I ribosomi su cui vengono sintetizzate le proteine sono a volte chiamati “ribosomi liberi”, poiché costituiscono una frazione separata da quella delle membrane.
Nei batteri Gram-negativi sono stati individuati almeno due sistemi di esportazione delle proteine nello spazio periplasmatico: il sistema SecA/B e il sistema SRP. In entrambi i casi si parla di sistemi di esportazione generali che sfruttano la presenza del segnale amminoacidico all'NH2 terminale della proteina. Questo segnale, dopo l'esportazione, viene eliminato da una peptidasi anch'essa non specifica. I due sistemi utilizzano il medesimo canale transmembrana per l'esportazione della proteina, ma si distinguono per il fattore che interagisce ed indirizza la proteina da esportare. Nella via Sec dipendente definita anche GSP (General Secretory Pathway) i polipeptidi che vengono trasportati tramite il GSP hanno una caratteristica sequenza-segnale alla estremità N-terminale, chiamata anche peptide-leader, che è assente nella proteina matura. Questa sequenza è costituita da 18-26 amminoacidi come un modulo costituito da differenti sottodomini.
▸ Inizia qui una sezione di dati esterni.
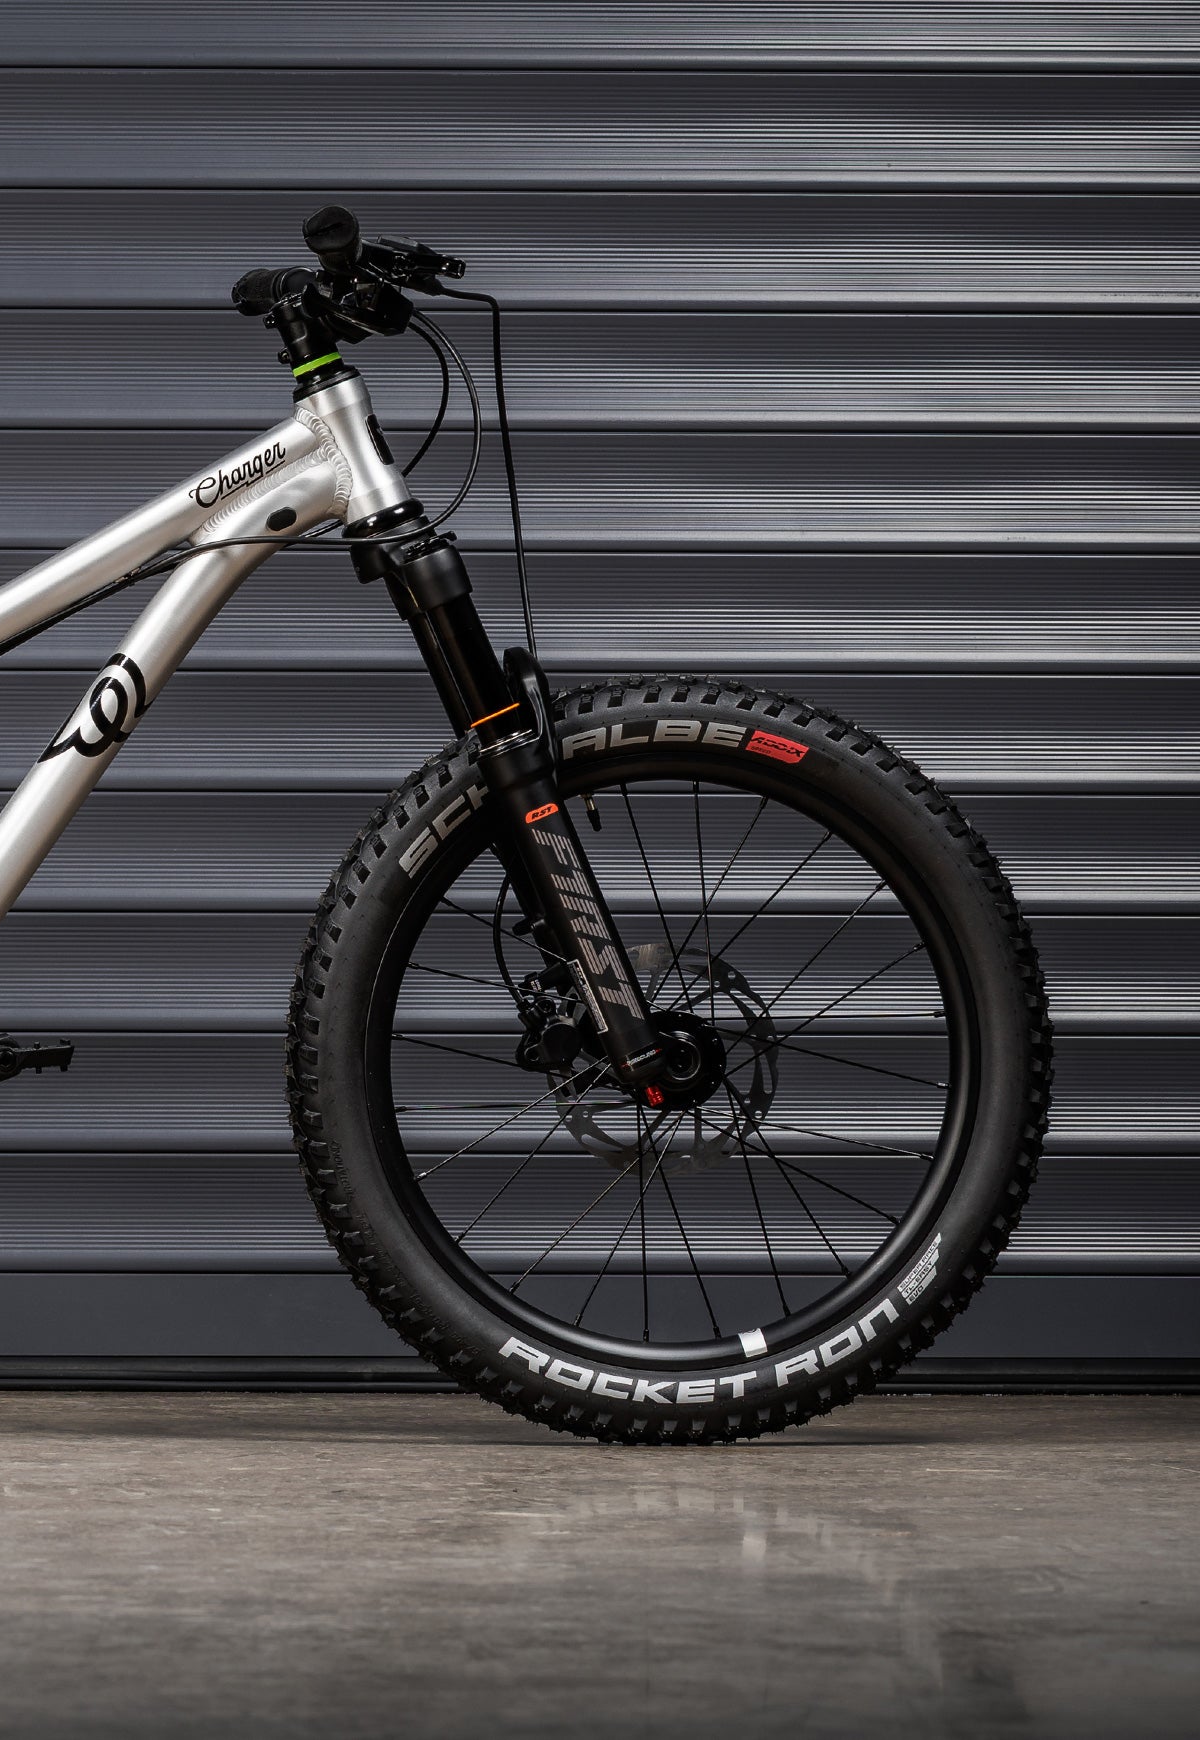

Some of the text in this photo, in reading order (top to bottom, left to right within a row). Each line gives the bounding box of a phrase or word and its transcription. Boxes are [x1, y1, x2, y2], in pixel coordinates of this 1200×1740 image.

[189, 442, 286, 508] Charger
[399, 719, 747, 879] SCALBE
[531, 805, 553, 820] RST
[532, 828, 645, 1020] FIRST
[909, 1285, 924, 1301] EVO
[499, 1298, 899, 1404] ROCKET RON
Nel caso del sistema SRP (Signal Recognition Particle), invece, il processo è molto simile ma cambiano gli “attori”. In questo caso non abbiamo più le proteine SecA/B ma una piccola ribonucleoproteina (SRP) composta da una proteina (codificata dal gene ffh) e un piccolo frammento di RNA, che non appartiene a nessuna delle classiche classi di RNA (tRNA, mRNA o rRNA). Questo complesso quindi sostituisce funzionalmente (pur non agendo da chaperonina) la proteina SecB. Il complesso SRP riconosce la sequenza segnale che sporge dal ribosoma e si lega ad esso mediante Ffh. L'SRP legato al complesso ribosoma-catena nascente (RNC) si associa con il suo recettore citosolico FtsY. L'interazione tra FtsY e la subunità dell'SRP Ffh modifica l'affinità di legame per il GTP di entrambe le proteine consentendo a ciascuna di legare il GTP. Nella fase successiva il complesso SRP-RNC-FtsY si lega alla membrana. L'idrolisi del GTP determina la dissociazione del complesso SRP-RNC-FtsY che interagendo con SecYEG permette l'esportazione della proteina attraverso il complesso transmembrana.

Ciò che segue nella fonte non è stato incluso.